For comparison: retinoids, one of the most robustly evidence-supported topical interventions for skin aging, cost a fraction of a single NAD+ IV session. Evidence quality and cost do not correlate in the aesthetics market.

Red Flags in NAD+ Clinic Marketing

A few specific phrases signal that a clinic is overstating its evidence base. These apply to NAD+ marketing specifically, though they show up across the aesthetic supplement and IV therapy market.

“Cellular reset” or “cellular rejuvenation.” These are not clinical terms. They describe a desired outcome in language that sounds biological without making a testable claim. When you hear them, ask: what does “reset” mean specifically, and what trial data supports this outcome in humans?

“Detox.” NAD+ is not a detoxification agent in any established biochemical sense. Your liver and kidneys manage detoxification. This term in the context of NAD+ marketing is filler language with no clinical substance.

Promises of visible skin transformation without a specified timeframe or comparison. “You will look more youthful” with no timeframe, no before/after measurement, and no comparison group is not a clinical claim. It is a promise with no accountability structure.

Citing rodent studies or biomarker data to support visible aesthetic outcomes. “Studies show NAD+ restores youthful cell function” is technically supportable from rodent research and biomarker studies. It says nothing about your skin in six months. Ask specifically: is there human trial data showing visible skin improvement from this delivery method?

If You Are Currently Taking or Considering NAD+: What to Ask Your Provider

Questions Worth Asking

What specific outcome are we treating, and how will we measure whether it is working?

Is there published human trial data showing this delivery method produces this specific result?

How does NAD+ compare to other options for my specific concern in terms of evidence quality?

What are the known risks of this delivery method, and what is your training in administering it?

Hard Guardrail

This article does not offer dosing guidance, sourcing guidance, or protocol advice for NAD+ in any form. IV, IM, and subcutaneous administration is a medical procedure and must be evaluated and supervised by a licensed provider. Any decision about NAD+ should go through a clinician who knows your full health history.

This applies equally to oral precursors (NMN, NR): discuss with a provider before starting, particularly if you have any metabolic, oncologic, or cardiovascular concerns.

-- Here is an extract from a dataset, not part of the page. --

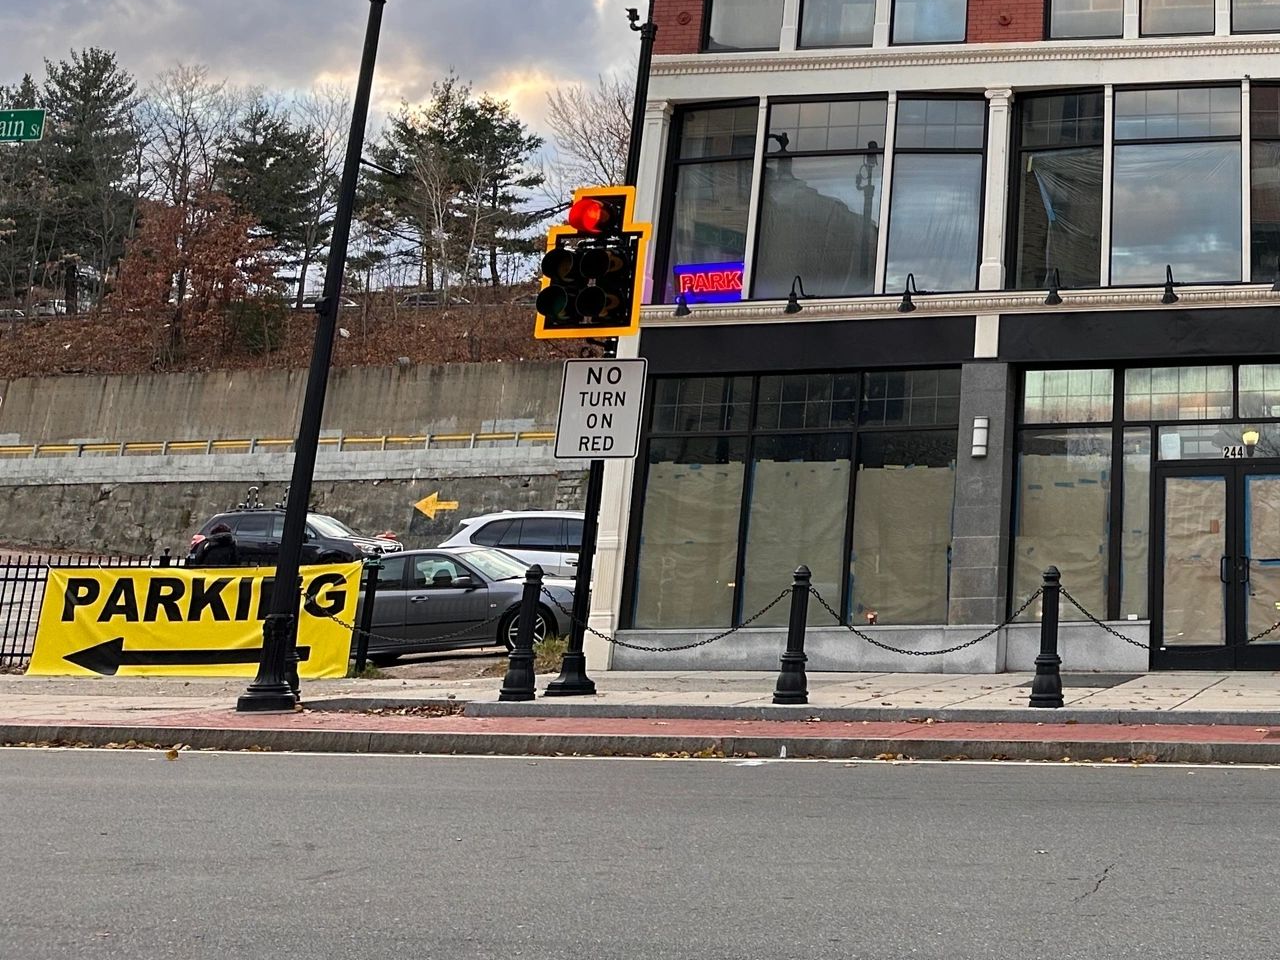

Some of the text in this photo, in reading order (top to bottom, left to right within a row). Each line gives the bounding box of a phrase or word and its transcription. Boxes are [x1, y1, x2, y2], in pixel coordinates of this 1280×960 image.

Frequently Asked Questions

Does NAD+ IV therapy actually improve skin aging?

There are no published human clinical trials showing that IV or IM NAD+ produces visible improvements in skin aging or aesthetic outcomes. NAD+ biology is well-established and the rationale is biologically plausible, but plausible mechanism is not the same as demonstrated effect. If a clinic is claiming visible skin results from IV NAD+, they are running ahead of the published evidence.

What is the difference between NAD+ for melasma vs. NAD+ for anti-aging?

They are essentially different treatments. Topical NAD+ delivered via microneedling for melasma is a specific, targeted application with early published data showing measurable improvement in melasma severity scores in human patients. IV NAD+ for general anti-aging is a systemic treatment with no published human trial data showing visible aesthetic benefit. The similarity is in the molecule. The delivery method, target indication, and evidence base are all different.

How should I evaluate whether an aesthetic clinic’s NAD+ claims are credible?

Ask for the specific published human trial data supporting the claimed outcome. Not rodent studies, not biomarker studies, not testimonials: human clinical trials with a defined before/after outcome measure and a comparison group. If the clinic cannot point to this for the specific claim they are making (visible skin improvement, anti-aging outcome), you are being asked to pay for a promise, not a demonstrated treatment. That may be your choice to make, but make it with accurate information.

This article is for educational purposes only and is not a substitute for professional medical advice. Always follow your injector’s or surgeon’s specific aftercare instructions.